The rules are changing because of growing recognition that what you and I do in the office is contributing directly to America’s epidemic of narcotic addiction. The more narcotics I prescribe to you the more chance some of them end up on the street for sale to addicts, or that you become pathologically addicted.
As a result, your pain treatment is no longer just about you and me, but also about present and future addicts. The two of us are now obliged to treat your pain in a way that limits our potential contribution to this national epidemic. Toward that end, in order to keep those outside the exam room looking unhappy and minimize the patient’s risk of addiction, patients who are taking narcotics on a chronic basis should now have:
• A signed pain contract with their primary care provider, or PCP, describing the obligations of the patient to comply carefully with the rules of their treatment program.
• Random urine drug testing several times each year to ensure patients are taking their medicine and not abusing illegal drugs.
• Random counts of their narcotic pills to make sure pills are not being taken faster than prescribed, sold or given to someone else.
• A comprehensive pain program, including regular visits with a pain specialist, psychologist, physical therapist and PCP.
No other patient relationship is so controlled and controlling. Unique among patients, those on chronic narcotics cannot simply be trusted; proof of compliance with the treatment plan is required, and sometimes rightly so. In recent years, such patients of mine have lied to me about their narcotic use, forged changes on prescriptions I wrote for them, embezzled money to buy extra narcotics on the street and killed themselves with an overdose of their pills.
Understandably, then, failure to follow this program can get patients cut off from their pain pills and fired by their PCP. Good luck to those patients, because few other PCPs want more patients on narcotics in their practice. Rather than deal with the complexities of treatment, the legal risks, the constant battle with patients about how much narcotic they can take, fights with patients who break the rules, and the occasional patient who lies about their pain in order to get drugs for an addiction or street sale, many PCPs have just stopped prescribing narcotics for chronic pain patients.
The patient is not the only one at risk.

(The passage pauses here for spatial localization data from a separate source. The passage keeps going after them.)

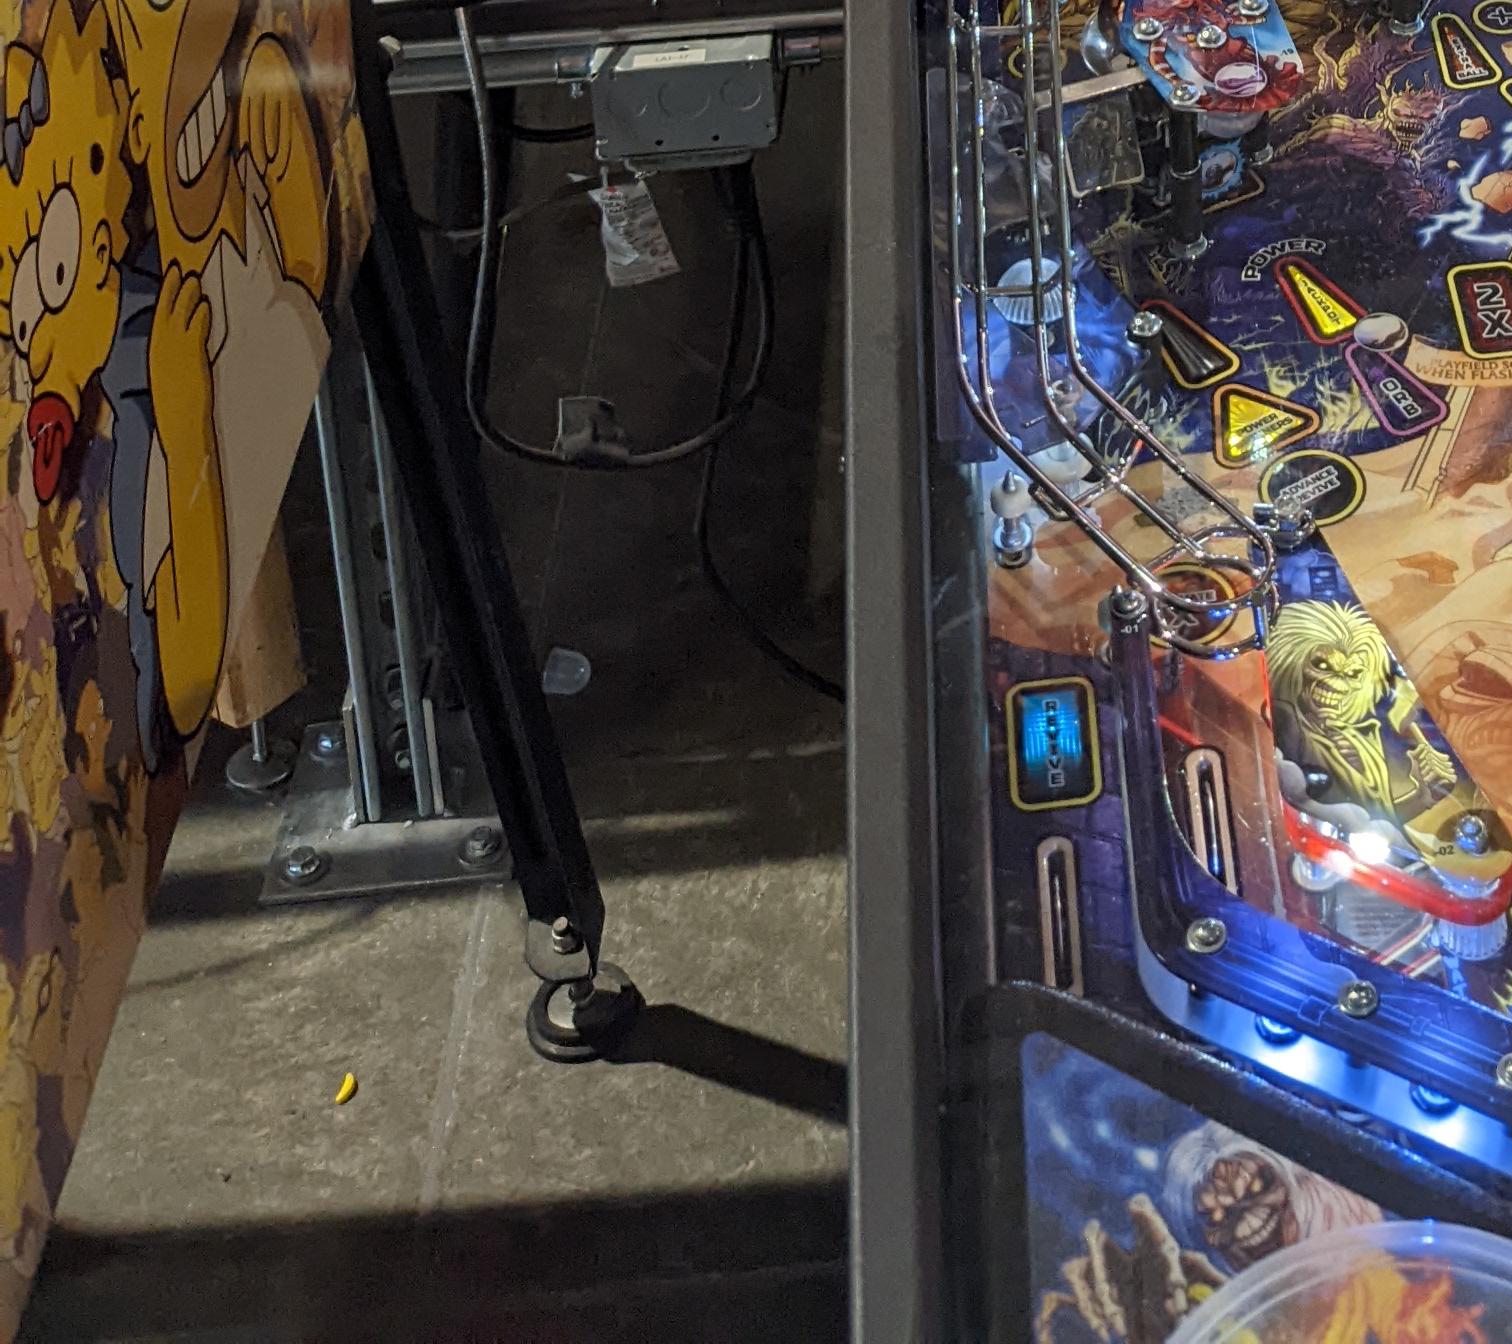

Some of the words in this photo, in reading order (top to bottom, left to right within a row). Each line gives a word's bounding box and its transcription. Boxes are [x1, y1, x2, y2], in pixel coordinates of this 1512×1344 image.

[1241, 238, 1327, 281] POWER
[1415, 364, 1469, 380] WHEN
[1432, 359, 1500, 372] PLAYFIELD
[1379, 376, 1423, 420] ORB
[1279, 465, 1339, 498] ADVANCE
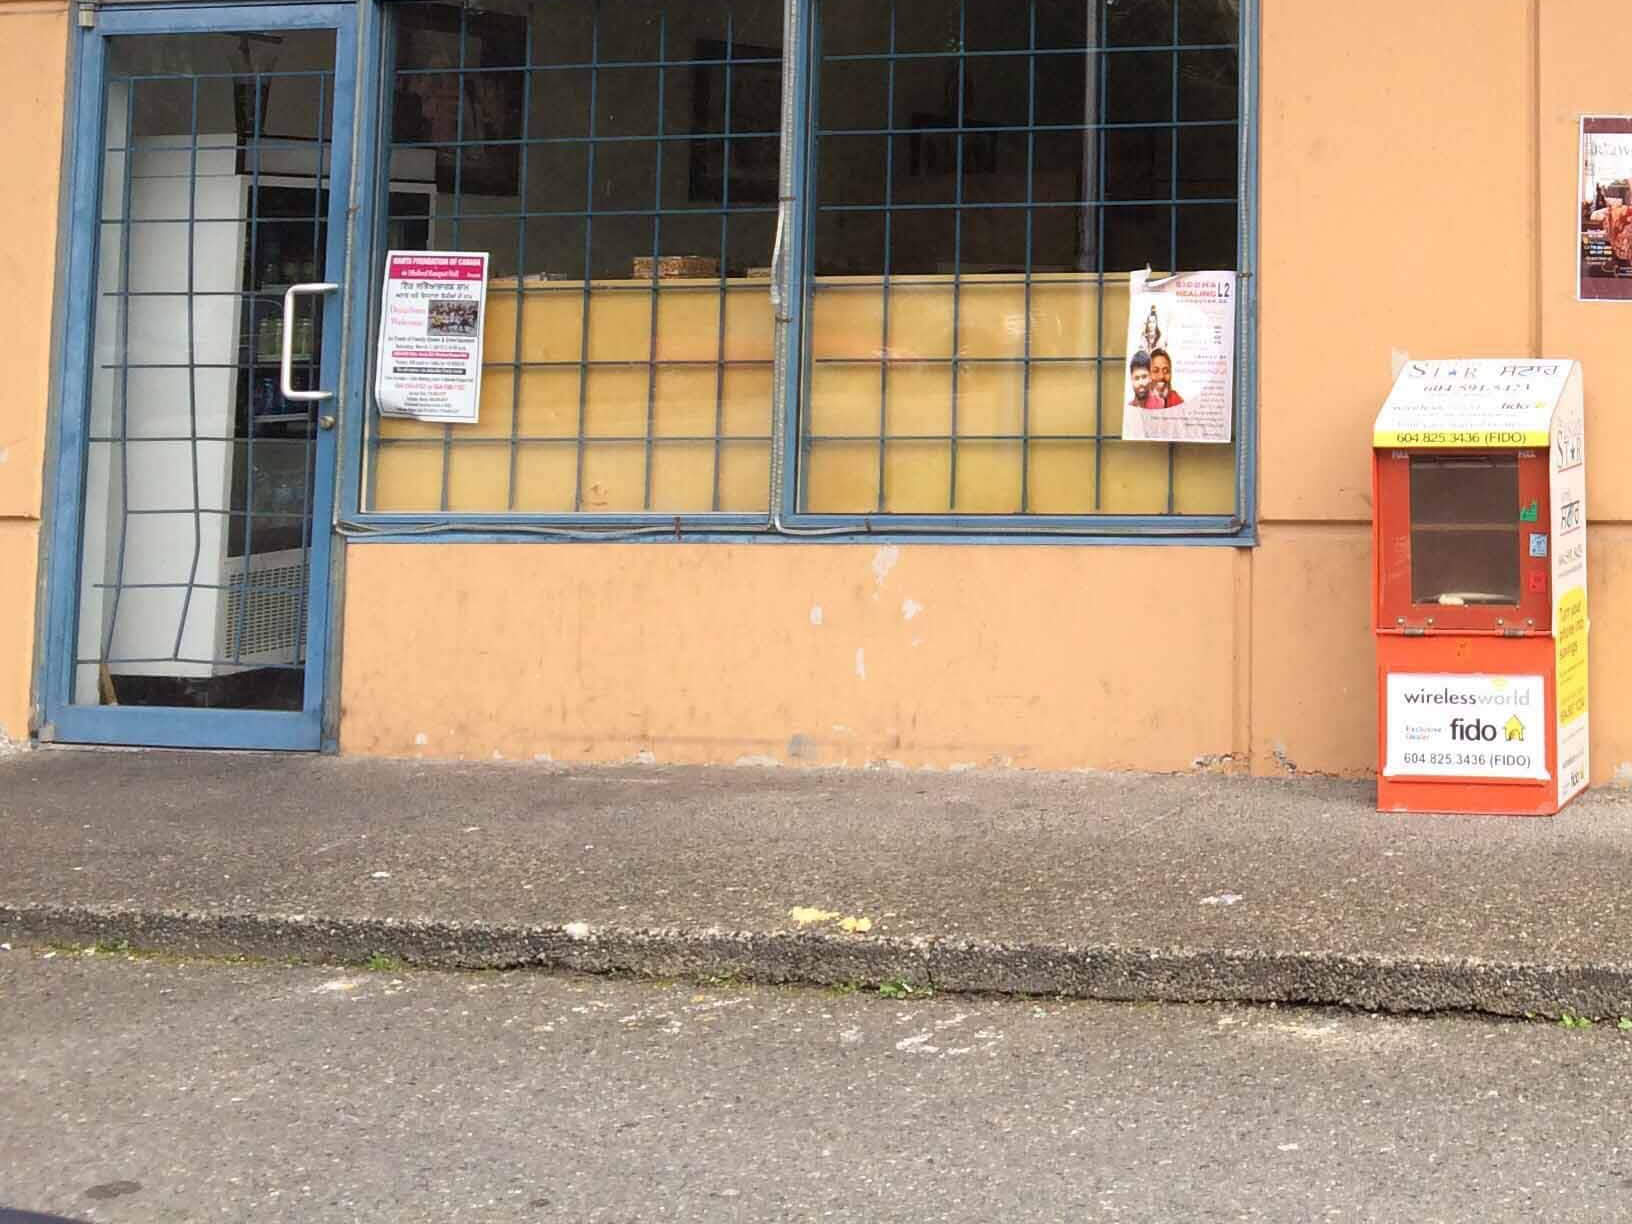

Failure to follow these emerging rules, or prescribing narcotics carelessly, can cost a physician his medical license and livelihood.
All of this makes the prescribing of narcotics — especially for chronic pain — the most frustrating, nerve-wracking, professionally risky thing I do. It makes being a patient who needs narcotics for the simple, sweet relief of pain frustrating, burdensome and often demeaning.
To take the sting out of this, and before the requirements of treatment with narcotics become more burdensome, we need statewide and national treatment protocols that de-emphasize narcotics for common pain problems, and systematic implementation of such protocols in emergency departments and primary care. We need patient and PCP education about the risk of narcotics, how to improve non-narcotic management of pain and about why management of pain with narcotics has more rules than parole.
Such changes would help make PCP relationships with the patient on narcotics less of a potentially constant battle, less likely to add to the flow of illegal pills to the street and less like having our teeth constantly drilled.
Otherwise, the growing professional pain of narcotic management will cause more and more PCPs to simply refuse to manage patients who need narcotics on a chronic basis and dump that burden on their colleague across town. The idea has more appeal to me all the time.
Erik Steele, D.O., a physician in Bangor, is chief medical officer of Eastern Maine Healthcare Systems and is on the staff of several hospital emergency rooms in the region. He is also the interim CEO at Blue Hill Memorial Hospital.